▸ DATA IN THIS EXERCISE:
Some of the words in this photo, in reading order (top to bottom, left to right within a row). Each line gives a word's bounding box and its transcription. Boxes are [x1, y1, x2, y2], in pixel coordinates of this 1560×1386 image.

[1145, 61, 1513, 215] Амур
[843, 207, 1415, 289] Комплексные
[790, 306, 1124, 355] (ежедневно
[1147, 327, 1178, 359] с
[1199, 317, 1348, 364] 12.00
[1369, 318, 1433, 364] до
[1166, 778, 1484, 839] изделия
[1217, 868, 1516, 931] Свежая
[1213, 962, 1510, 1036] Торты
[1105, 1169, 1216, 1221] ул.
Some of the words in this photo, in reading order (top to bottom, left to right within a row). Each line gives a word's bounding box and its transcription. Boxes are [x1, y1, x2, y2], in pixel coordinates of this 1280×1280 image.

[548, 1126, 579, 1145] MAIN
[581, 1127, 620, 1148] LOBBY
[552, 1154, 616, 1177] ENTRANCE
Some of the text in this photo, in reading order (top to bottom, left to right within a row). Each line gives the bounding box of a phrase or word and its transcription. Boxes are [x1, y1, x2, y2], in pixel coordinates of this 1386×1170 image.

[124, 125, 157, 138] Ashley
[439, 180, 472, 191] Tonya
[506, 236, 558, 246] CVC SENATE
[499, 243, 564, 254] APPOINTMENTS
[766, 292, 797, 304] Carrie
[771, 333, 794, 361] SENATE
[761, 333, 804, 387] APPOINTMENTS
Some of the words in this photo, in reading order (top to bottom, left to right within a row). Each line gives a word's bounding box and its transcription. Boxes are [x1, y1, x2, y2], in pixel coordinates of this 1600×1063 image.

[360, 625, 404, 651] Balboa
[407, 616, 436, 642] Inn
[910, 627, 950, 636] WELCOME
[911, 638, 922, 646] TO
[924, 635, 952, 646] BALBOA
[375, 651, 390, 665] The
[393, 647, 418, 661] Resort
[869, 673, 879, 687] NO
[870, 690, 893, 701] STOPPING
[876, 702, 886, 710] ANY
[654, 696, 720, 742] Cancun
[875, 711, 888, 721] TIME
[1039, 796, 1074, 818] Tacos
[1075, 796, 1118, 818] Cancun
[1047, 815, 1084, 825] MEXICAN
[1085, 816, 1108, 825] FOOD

▸ EXERCISE AIM: Everything from the line containing "this 1600×1063 image." to the bottom of the listing is to be set down exactly; leave out all other lines.

▸ WRITTEN RESPONSE:
Some of the words in this photo, in reading order (top to bottom, left to right within a row). Each line gives a word's bounding box and its transcription. Boxes are [x1, y1, x2, y2], in pixel coordinates of this 1600×1063 image.

[360, 625, 404, 651] Balboa
[407, 616, 436, 642] Inn
[910, 627, 950, 636] WELCOME
[911, 638, 922, 646] TO
[924, 635, 952, 646] BALBOA
[375, 651, 390, 665] The
[393, 647, 418, 661] Resort
[869, 673, 879, 687] NO
[870, 690, 893, 701] STOPPING
[876, 702, 886, 710] ANY
[654, 696, 720, 742] Cancun
[875, 711, 888, 721] TIME
[1039, 796, 1074, 818] Tacos
[1075, 796, 1118, 818] Cancun
[1047, 815, 1084, 825] MEXICAN
[1085, 816, 1108, 825] FOOD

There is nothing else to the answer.